I can't follow your assumptions when there's no immo

Did you confirm the switches work 100%?
Same with the corresponding fuses?
SC12, SC23, SC28, SC38

If I spend 5min to look at a WD, I see that the switch feeds into the driver control unit... so as long as that controller is happy (which it is, according to your scan), and it gets the signal from the switch, it should make things happen. We already know the controller isn't bad since it "listens" and "obeys" the key commands.
Are you checking WDs and confirming proper wiring\connections\inputs?
By confirm if my switches work, I have not physically removed the door card to check via a multi meter.

What I have done is go into the chassis part of the vcds where I can view individual doors, click on advance measuring blocks. I can then check the box of each door. From that point I can hit the switches, and see the screen flip from auto up and/or auto down in relationship to whatever way I'm hitting said switch.

I think I posted a screen shot of those readings for each window showing both auto up and auto down.


I may be understanding your question incorrectly but again with assumptions, in figured if the ECU is seeing me hit each switch up and down, that should verify the switched as operational.
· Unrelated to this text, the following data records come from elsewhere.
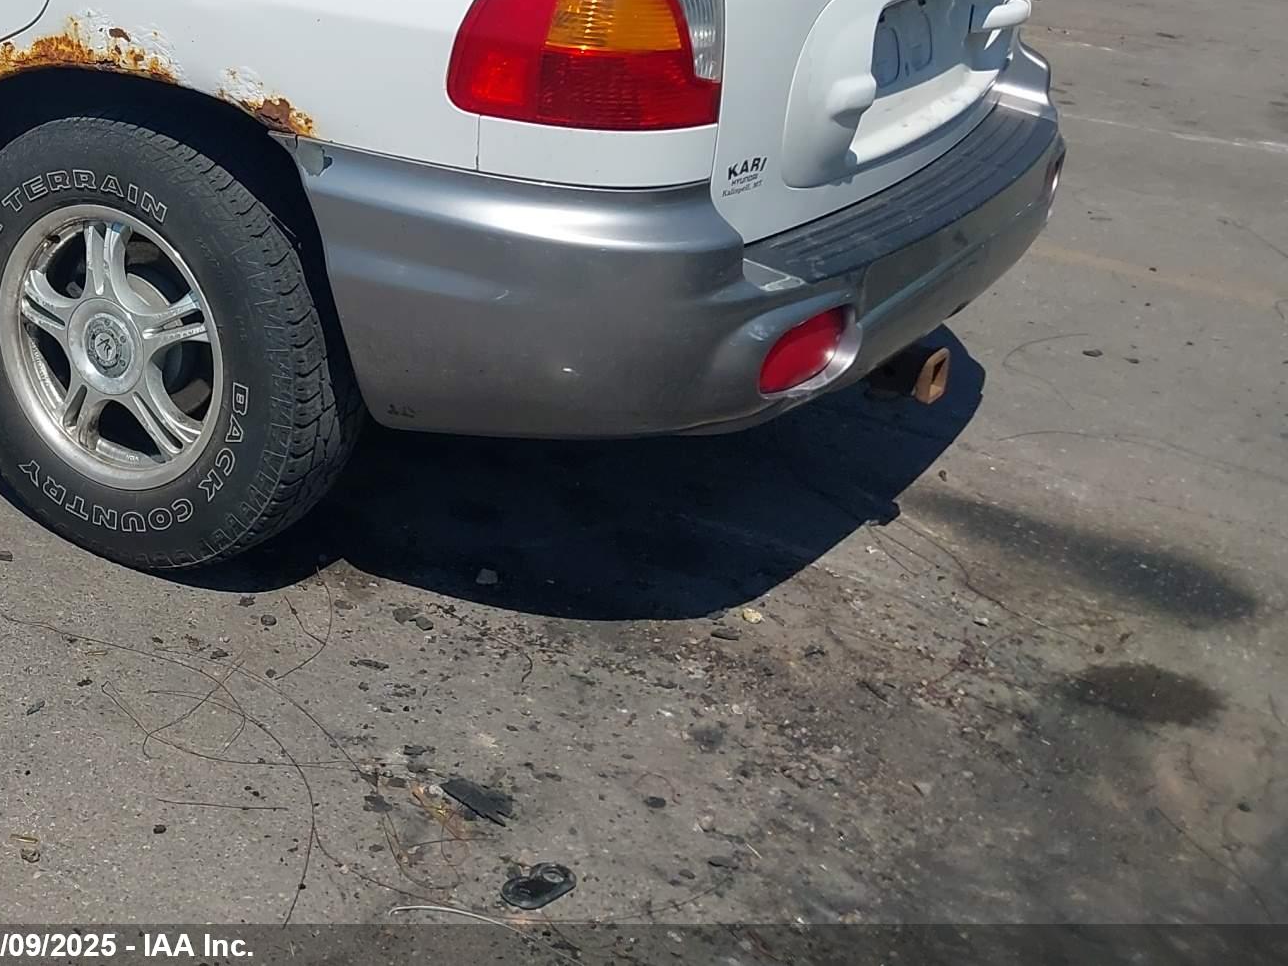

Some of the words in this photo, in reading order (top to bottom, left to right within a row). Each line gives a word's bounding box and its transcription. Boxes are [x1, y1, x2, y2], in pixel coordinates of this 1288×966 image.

[1, 169, 168, 224] TERRAIN
[727, 157, 767, 181] KARI
[198, 382, 249, 503] BACK
[18, 460, 194, 532] COUNTRY
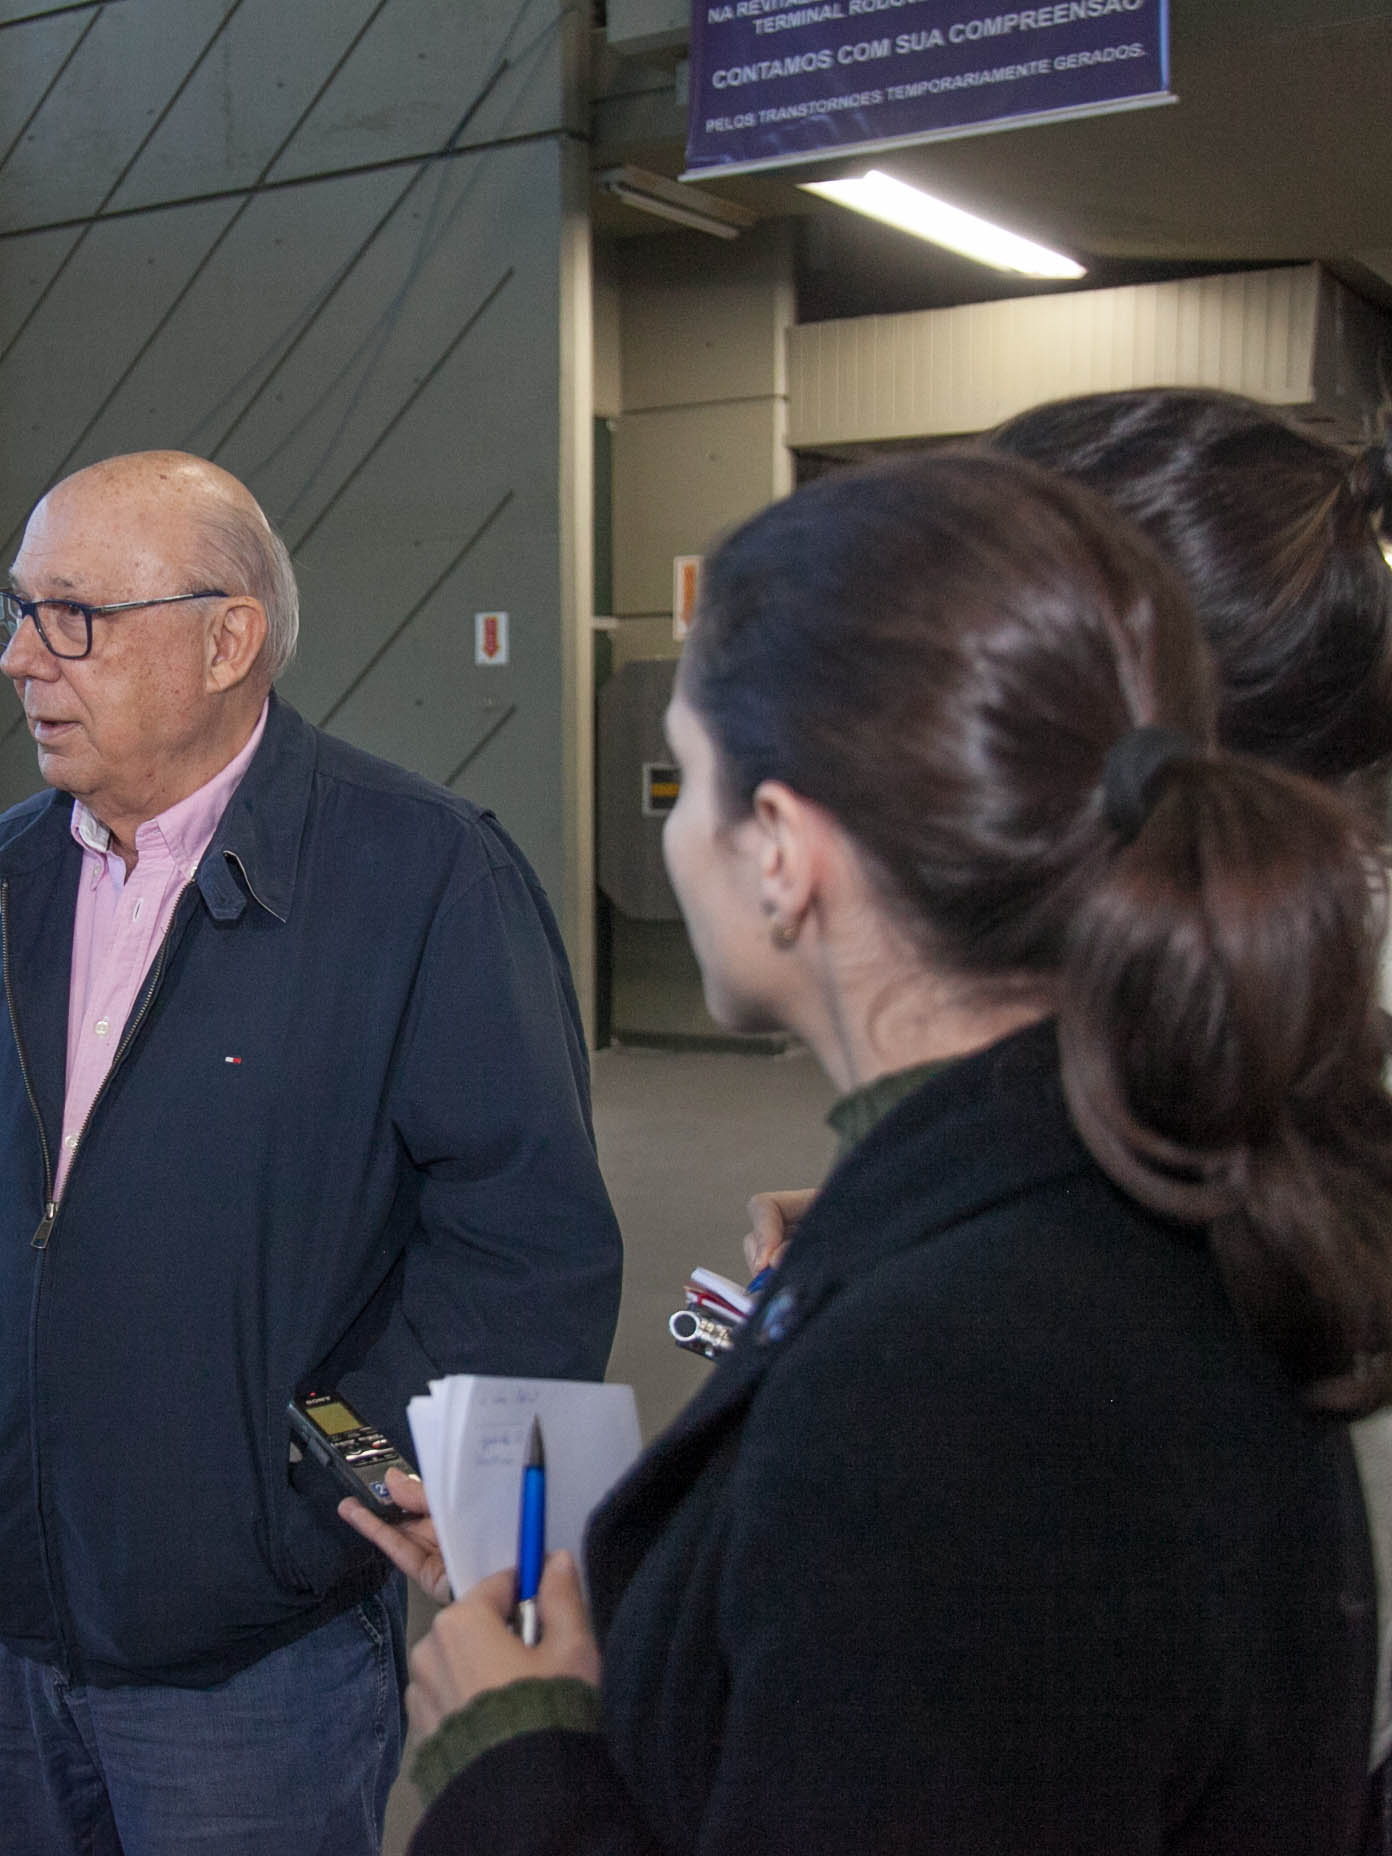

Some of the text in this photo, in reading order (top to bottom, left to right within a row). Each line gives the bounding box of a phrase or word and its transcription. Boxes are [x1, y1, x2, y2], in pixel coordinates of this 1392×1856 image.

The door wiring break is common on these but I'd think a wiring break would lead to a non operational switch.

It's been too cold to pull the boot without tearing, by the time I get home from the shop each night it's already dark. Perhaps we'll have a sunny weekend which will allow a more playable rubber boot for me to pull then reinstall without risk of damage.

A deer ran into the side of my significant others disco last night causing considerable damage. I really need to expedite this repair at this point as now I need to swap doors and see what it will take to straighten her fender. Had she been in the Audi and not the Rover, the deer would have likely gone through the drivers window. There are antler gouges in the paint and across her snorkel. Bent the fender and drivers door in enough where she couldn't open her door.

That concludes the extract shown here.